━━━ Information shown ━━━

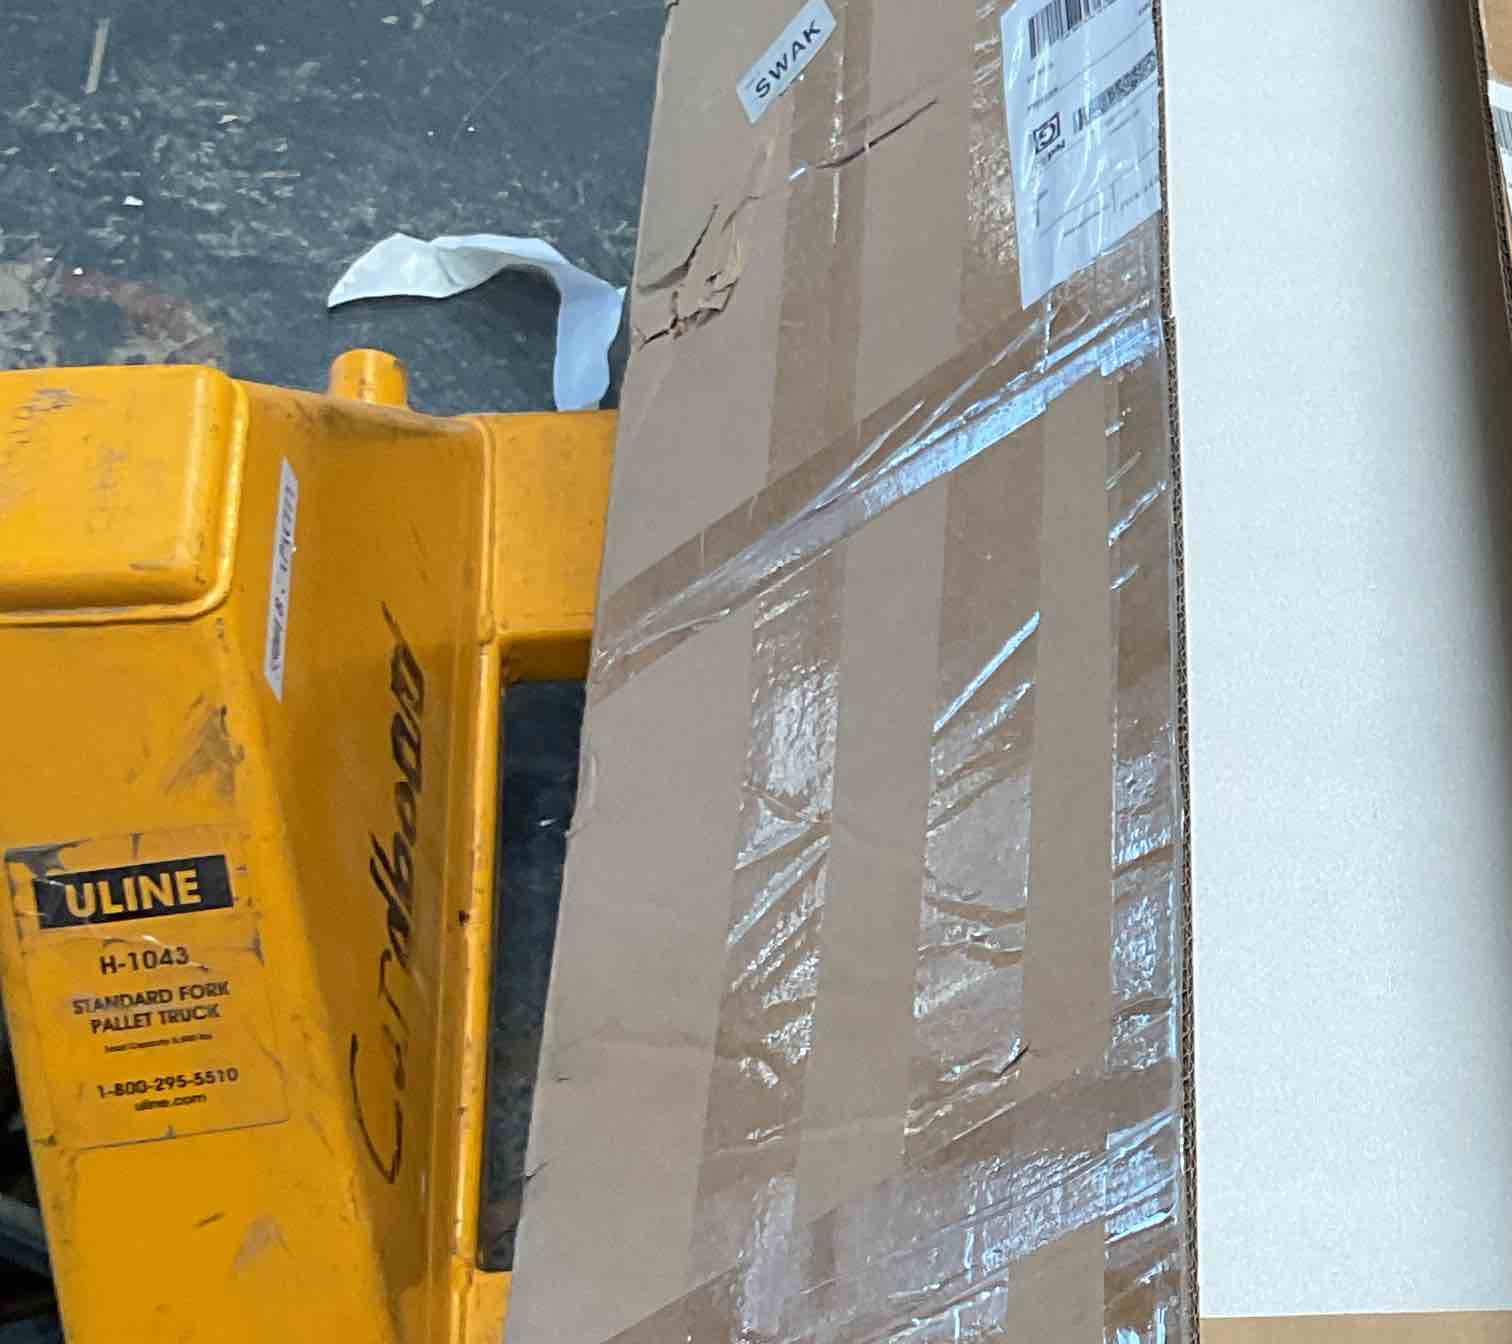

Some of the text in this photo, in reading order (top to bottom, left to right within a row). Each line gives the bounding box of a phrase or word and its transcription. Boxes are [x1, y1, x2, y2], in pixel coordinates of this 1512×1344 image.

[755, 18, 822, 98] SWAK
[64, 868, 202, 918] ULINE
[99, 945, 190, 975] H-1043
[72, 980, 231, 1015] STANDARD FORK
[89, 1002, 222, 1035] PALLET TRUCK
[96, 1067, 240, 1100] 1-800-295-5510
[133, 1093, 208, 1112] uline.com

━━━

Could you please write out the entries exactly as they are, with every picture left out?

Some of the text in this photo, in reading order (top to bottom, left to right within a row). Each line gives the bounding box of a phrase or word and its transcription. Boxes are [x1, y1, x2, y2], in pixel coordinates of this 1512×1344 image.

[755, 18, 822, 98] SWAK
[64, 868, 202, 918] ULINE
[99, 945, 190, 975] H-1043
[72, 980, 231, 1015] STANDARD FORK
[89, 1002, 222, 1035] PALLET TRUCK
[96, 1067, 240, 1100] 1-800-295-5510
[133, 1093, 208, 1112] uline.com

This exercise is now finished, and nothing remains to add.